## About this exercise:
Transcribe all records exactly.

## Dataset records:
* * * *
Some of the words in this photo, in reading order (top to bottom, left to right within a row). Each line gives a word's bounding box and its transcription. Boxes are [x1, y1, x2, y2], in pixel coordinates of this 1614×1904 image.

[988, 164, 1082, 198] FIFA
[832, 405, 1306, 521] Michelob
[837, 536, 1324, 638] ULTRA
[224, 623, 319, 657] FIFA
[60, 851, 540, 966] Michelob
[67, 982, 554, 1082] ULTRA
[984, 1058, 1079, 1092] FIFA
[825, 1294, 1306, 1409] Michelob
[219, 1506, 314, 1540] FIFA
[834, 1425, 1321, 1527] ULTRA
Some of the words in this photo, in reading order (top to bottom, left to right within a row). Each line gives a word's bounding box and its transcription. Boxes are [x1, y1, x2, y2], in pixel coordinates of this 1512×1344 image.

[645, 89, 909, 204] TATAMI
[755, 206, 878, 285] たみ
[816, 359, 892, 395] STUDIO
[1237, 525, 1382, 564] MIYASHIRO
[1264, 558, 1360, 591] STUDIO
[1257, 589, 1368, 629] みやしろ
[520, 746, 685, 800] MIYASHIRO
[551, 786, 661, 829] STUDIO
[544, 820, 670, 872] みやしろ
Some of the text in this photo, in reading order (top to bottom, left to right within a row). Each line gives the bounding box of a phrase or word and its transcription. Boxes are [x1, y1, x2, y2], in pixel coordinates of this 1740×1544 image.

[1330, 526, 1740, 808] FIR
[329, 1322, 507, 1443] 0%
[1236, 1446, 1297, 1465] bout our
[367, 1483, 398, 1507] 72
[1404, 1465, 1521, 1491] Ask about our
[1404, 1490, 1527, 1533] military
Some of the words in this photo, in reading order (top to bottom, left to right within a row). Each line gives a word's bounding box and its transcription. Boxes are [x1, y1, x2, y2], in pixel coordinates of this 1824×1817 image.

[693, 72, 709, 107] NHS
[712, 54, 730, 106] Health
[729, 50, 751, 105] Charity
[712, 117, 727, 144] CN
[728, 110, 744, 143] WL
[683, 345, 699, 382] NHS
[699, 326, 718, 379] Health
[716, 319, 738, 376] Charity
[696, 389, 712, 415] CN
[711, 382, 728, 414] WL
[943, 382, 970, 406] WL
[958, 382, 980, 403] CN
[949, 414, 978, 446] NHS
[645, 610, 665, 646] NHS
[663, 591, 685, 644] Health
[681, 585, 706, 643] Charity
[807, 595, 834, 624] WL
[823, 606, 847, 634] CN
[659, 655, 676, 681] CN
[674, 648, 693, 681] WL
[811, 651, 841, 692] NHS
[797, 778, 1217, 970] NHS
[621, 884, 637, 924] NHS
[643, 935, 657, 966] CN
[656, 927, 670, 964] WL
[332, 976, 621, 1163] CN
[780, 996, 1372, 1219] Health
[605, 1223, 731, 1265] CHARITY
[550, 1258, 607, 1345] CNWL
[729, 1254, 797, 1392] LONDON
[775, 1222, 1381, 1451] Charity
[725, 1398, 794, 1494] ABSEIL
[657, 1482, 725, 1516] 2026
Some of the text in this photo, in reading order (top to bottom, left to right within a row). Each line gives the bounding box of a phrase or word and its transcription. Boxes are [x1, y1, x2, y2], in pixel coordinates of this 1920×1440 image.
* * * *
## Result:
Some of the words in this photo, in reading order (top to bottom, left to right within a row). Each line gives a word's bounding box and its transcription. Boxes are [x1, y1, x2, y2], in pixel coordinates of this 1614×1904 image.

[988, 164, 1082, 198] FIFA
[832, 405, 1306, 521] Michelob
[837, 536, 1324, 638] ULTRA
[224, 623, 319, 657] FIFA
[60, 851, 540, 966] Michelob
[67, 982, 554, 1082] ULTRA
[984, 1058, 1079, 1092] FIFA
[825, 1294, 1306, 1409] Michelob
[219, 1506, 314, 1540] FIFA
[834, 1425, 1321, 1527] ULTRA
Some of the words in this photo, in reading order (top to bottom, left to right within a row). Each line gives a word's bounding box and its transcription. Boxes are [x1, y1, x2, y2], in pixel coordinates of this 1512×1344 image.

[645, 89, 909, 204] TATAMI
[755, 206, 878, 285] たみ
[816, 359, 892, 395] STUDIO
[1237, 525, 1382, 564] MIYASHIRO
[1264, 558, 1360, 591] STUDIO
[1257, 589, 1368, 629] みやしろ
[520, 746, 685, 800] MIYASHIRO
[551, 786, 661, 829] STUDIO
[544, 820, 670, 872] みやしろ
Some of the text in this photo, in reading order (top to bottom, left to right within a row). Each line gives the bounding box of a phrase or word and its transcription. Boxes are [x1, y1, x2, y2], in pixel coordinates of this 1740×1544 image.

[1330, 526, 1740, 808] FIR
[329, 1322, 507, 1443] 0%
[1236, 1446, 1297, 1465] bout our
[367, 1483, 398, 1507] 72
[1404, 1465, 1521, 1491] Ask about our
[1404, 1490, 1527, 1533] military
Some of the words in this photo, in reading order (top to bottom, left to right within a row). Each line gives a word's bounding box and its transcription. Boxes are [x1, y1, x2, y2], in pixel coordinates of this 1824×1817 image.

[693, 72, 709, 107] NHS
[712, 54, 730, 106] Health
[729, 50, 751, 105] Charity
[712, 117, 727, 144] CN
[728, 110, 744, 143] WL
[683, 345, 699, 382] NHS
[699, 326, 718, 379] Health
[716, 319, 738, 376] Charity
[696, 389, 712, 415] CN
[711, 382, 728, 414] WL
[943, 382, 970, 406] WL
[958, 382, 980, 403] CN
[949, 414, 978, 446] NHS
[645, 610, 665, 646] NHS
[663, 591, 685, 644] Health
[681, 585, 706, 643] Charity
[807, 595, 834, 624] WL
[823, 606, 847, 634] CN
[659, 655, 676, 681] CN
[674, 648, 693, 681] WL
[811, 651, 841, 692] NHS
[797, 778, 1217, 970] NHS
[621, 884, 637, 924] NHS
[643, 935, 657, 966] CN
[656, 927, 670, 964] WL
[332, 976, 621, 1163] CN
[780, 996, 1372, 1219] Health
[605, 1223, 731, 1265] CHARITY
[550, 1258, 607, 1345] CNWL
[729, 1254, 797, 1392] LONDON
[775, 1222, 1381, 1451] Charity
[725, 1398, 794, 1494] ABSEIL
[657, 1482, 725, 1516] 2026
Some of the text in this photo, in reading order (top to bottom, left to right within a row). Each line gives the bounding box of a phrase or word and its transcription. Boxes are [x1, y1, x2, y2], in pixel coordinates of this 1920×1440 image.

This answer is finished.